Youth crime report highlights lack of funding for Enfield
27th April 2009
David Burrowes welcomes London Councils’ latest report on youth crime in the capital which highlights lack of funding for Enfield.
Local MP David Burrowes has welcomed the London Councils’ recently published report ‘Funding the front line: tackling youth crime in London’.
The report sets out some of the difficulties faced by local authorities and suggests solutions which would allow a more efficient and locally flexible response to youth crime and its causes. One of the problems highlighted is the diversity and duplication of funding streams. There are 10 main initiatives in London to deal with youth crime set up by a range of different departments, meaning that funding is often duplicated on overlapping initiatives and needless bureaucracy is created.
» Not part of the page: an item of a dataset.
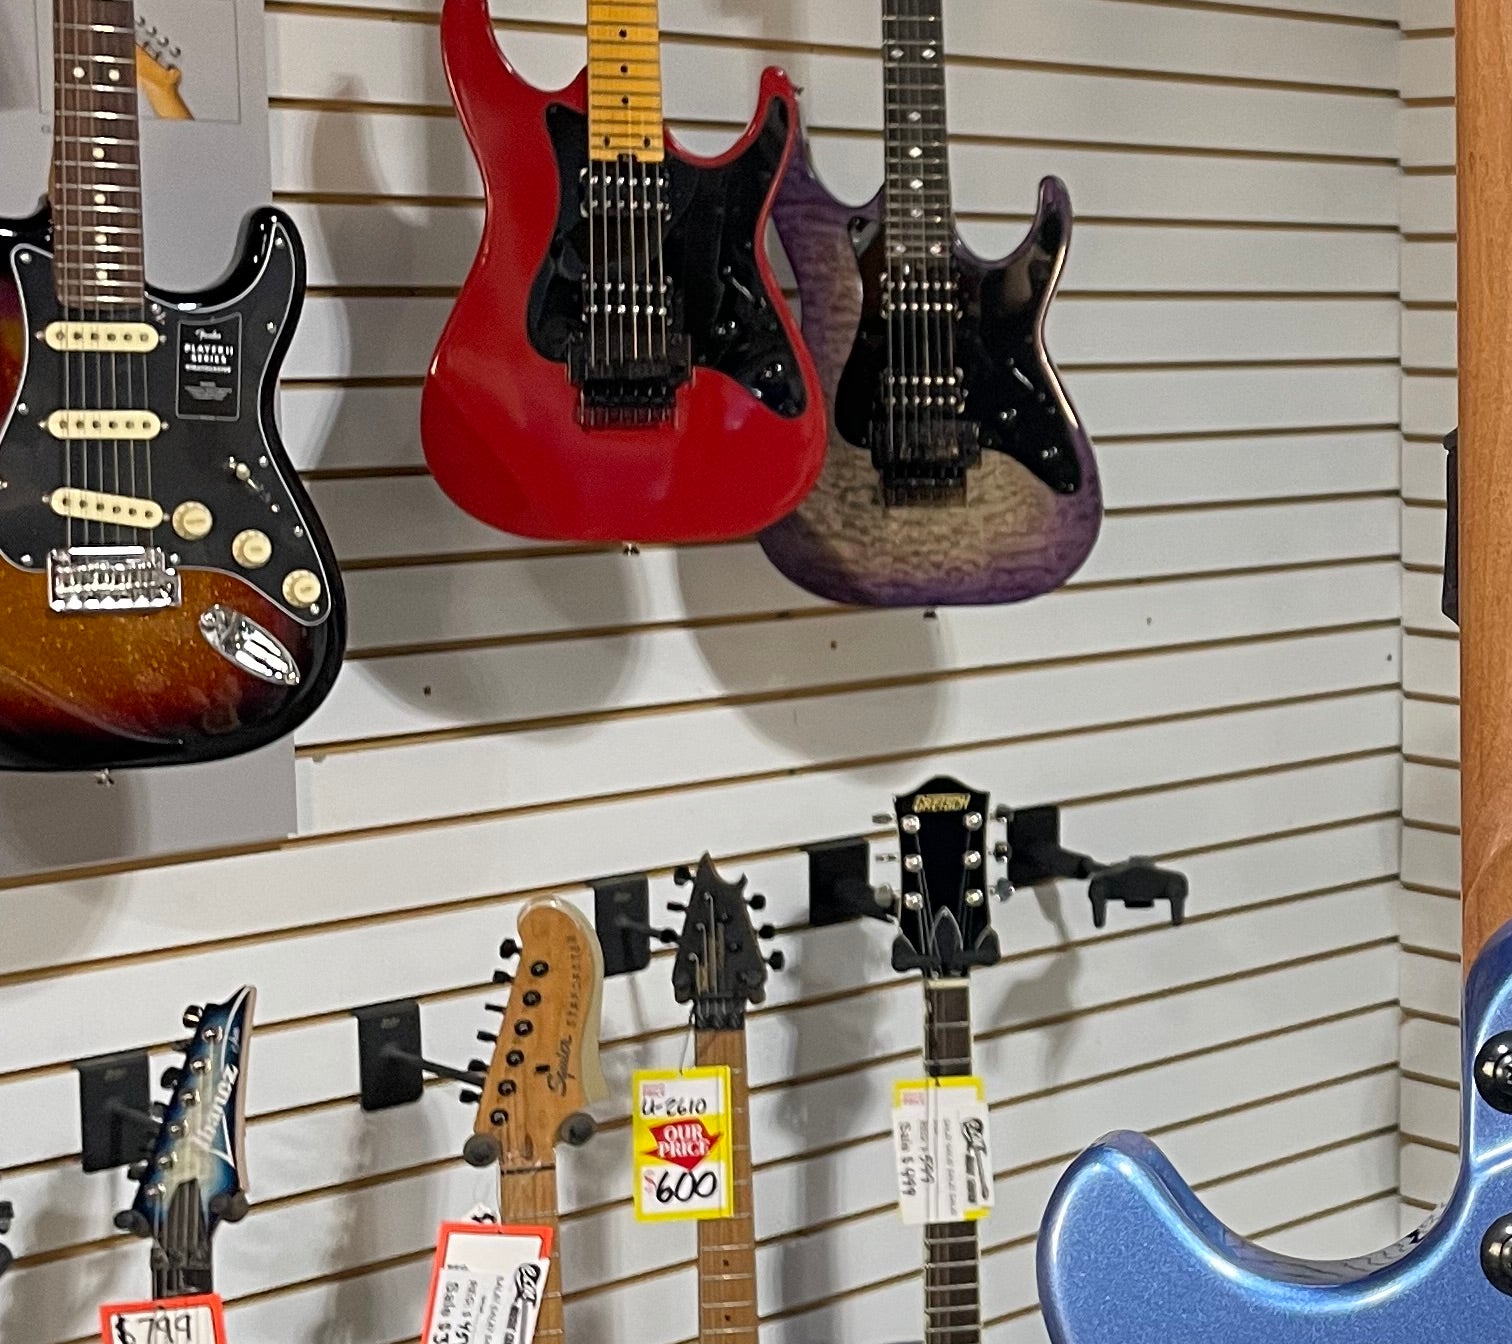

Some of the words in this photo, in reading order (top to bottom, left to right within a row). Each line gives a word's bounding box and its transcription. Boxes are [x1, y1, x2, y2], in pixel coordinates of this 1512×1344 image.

[662, 1124, 703, 1142] OUR
[657, 1140, 712, 1158] PRICE
[643, 1167, 718, 1204] $600
Enfield has been a victim of this confused system where despite being listed in the 10 boroughs with the highest incidence of serious youth violence, Enfield Council has not been eligible for any of the 10 available funding streams.
David Burrowes as both an Enfield MP and Shadow Justice Minister said:
“I welcome this new report and will press the Government to consider the recommendations which it has made and recognise the need to provide local responses to youth crime. We need to reduce the bureaucratic obstacles to secure funding which often conflict rather than support local solutions. I am extremely disappointed that Enfield is not considered eligible for any of the various funding streams despite the 132 incidences of serious youth violence recorded last year. The report highlights the funding problem I highlighted last November when I put a question to Ed Balls, Secretary of State for Children, Schools and Families, challenging him as to why Enfield was not among the first tranche of 69 local authorities due to be funded by the Youth Crime Action Plan despite the high number of youth fatalities in the area due to knife crime. In his reply he said that those areas with the highest levels of crime were being targeted first. If Enfield, being in the top 10, is not high priority then what is?”
The Youth Crime Action Plan is one of the 10 initiatives to deal with youth crime and has a budget of £700,000.